My case point is the Athlon 64 vs Pentium 4. The Athlon 64 was cheaper and much faster than the Pentium 4, and was advertised, but people will insist on buying one thing (Intel) regardless of the other options.
I know someone who was in charge of selecting computers for an organisation that required several hundred, most of which would be for word processing but with some processing required as well. He opted for a Celeron based system which cost the same as a lower end Athlon 64 system. They did buy one Athlon 64 system because one of the head persons insisted on having one... The problem is that most of these computers, although not that old, can't do half the stuff they're required to do. The athlon 64 system is over-used for those purposes. When questioned the person who bought the computers still insists the Celerons are better and faster just because they're Intel. This is despite the fact that the superior performance of the Athlon 64 is staring him right in the face!
This is common amongst people. I'm not saying people should be anti-Intel, or anti-Amd, or anti-Nvidia or anti-ATI (AMD, lol), but what people should be doing is buying what best and best suited at the time.
Video cards are a little different, there seems to be less people that are insistent on one brand that another.
AMD needs to stay at the forefront after their next processor release.
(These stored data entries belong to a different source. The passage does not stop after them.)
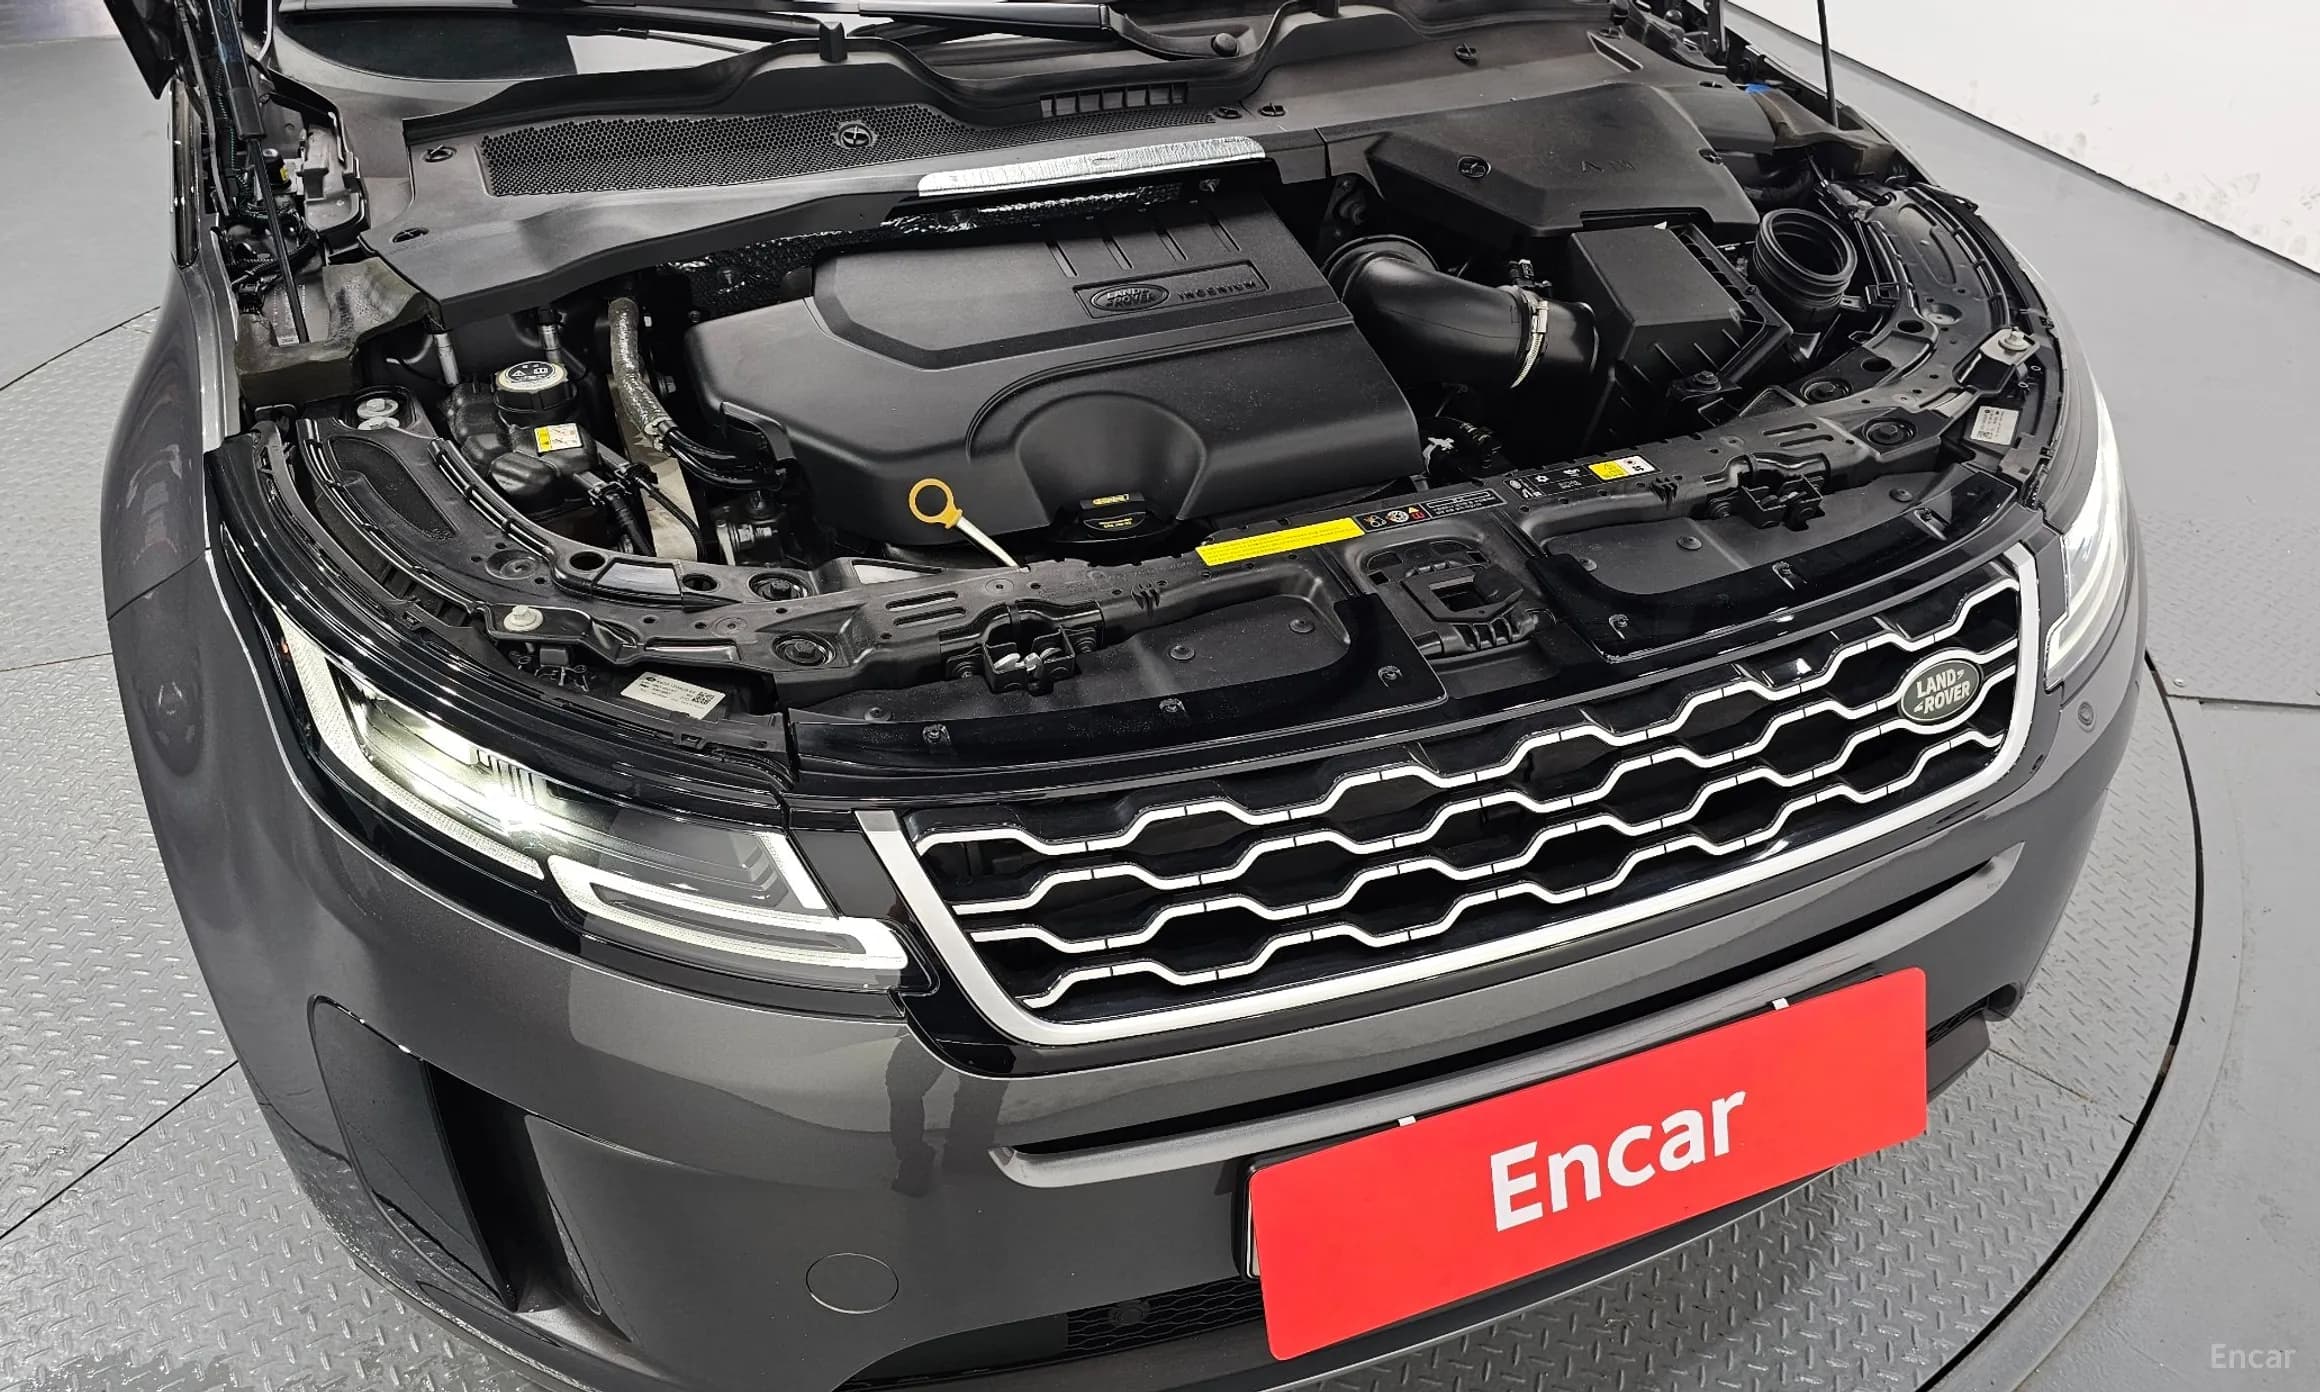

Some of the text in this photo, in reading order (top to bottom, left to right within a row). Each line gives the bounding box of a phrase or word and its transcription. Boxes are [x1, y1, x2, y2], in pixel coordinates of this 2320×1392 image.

[1916, 668, 1957, 699] LAND
[1923, 680, 1970, 714] ROVER
[1490, 1091, 1746, 1232] Encar
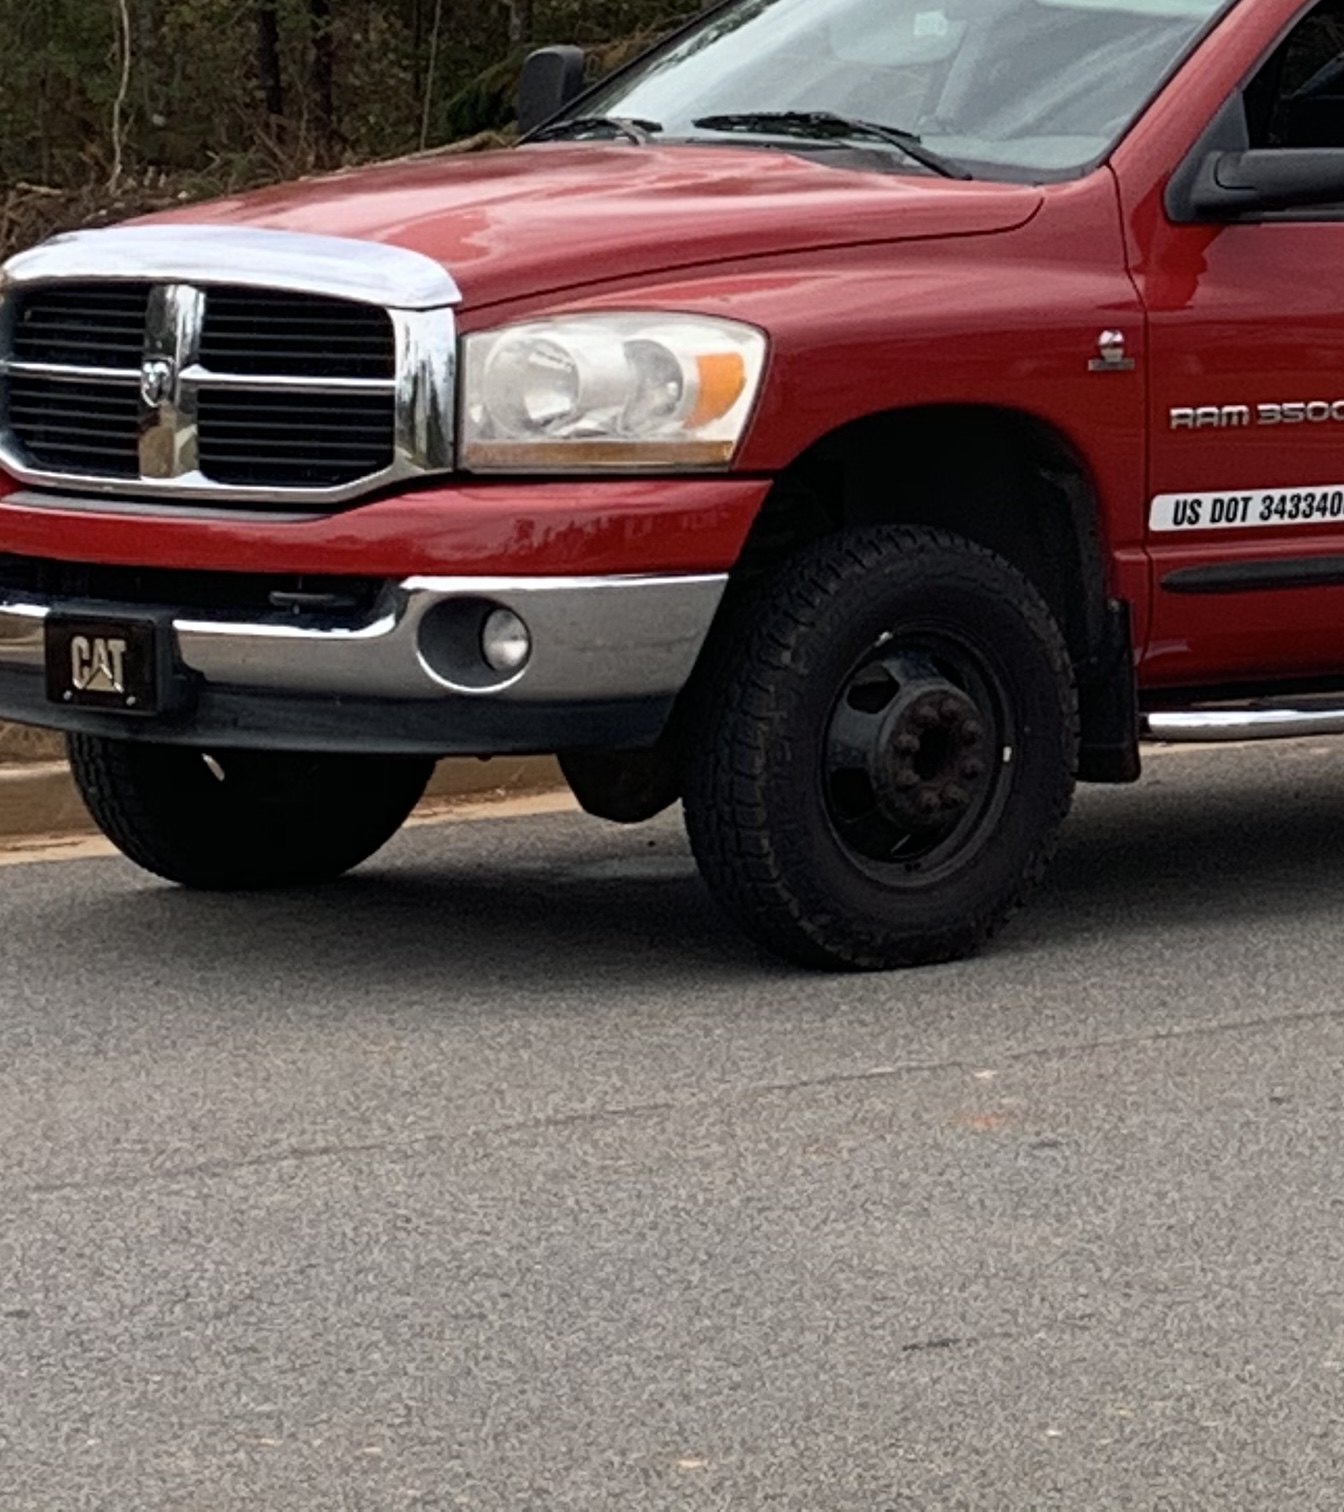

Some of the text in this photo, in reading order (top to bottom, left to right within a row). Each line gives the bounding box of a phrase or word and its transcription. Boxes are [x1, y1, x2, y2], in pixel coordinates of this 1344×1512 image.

[1170, 404, 1250, 430] RAM
[1172, 498, 1203, 526] US
[1209, 496, 1254, 524] DOT
[71, 635, 127, 693] CAT
It sounds interesting and I hope the new processor has SSSE3 and SSE4 instructions as well.
SSSE3 is an additional subset to SSE3, and I have heard from some people that the benefits of SSSE3 are greater than that of SSE3 due to the usefulness of the extra instructions.
SSE4 is supposed to be a great leap forward with the SSE instructions, and with a DIVX 6.6 beta test recently done (look it up!) is supposedly halved the processing time!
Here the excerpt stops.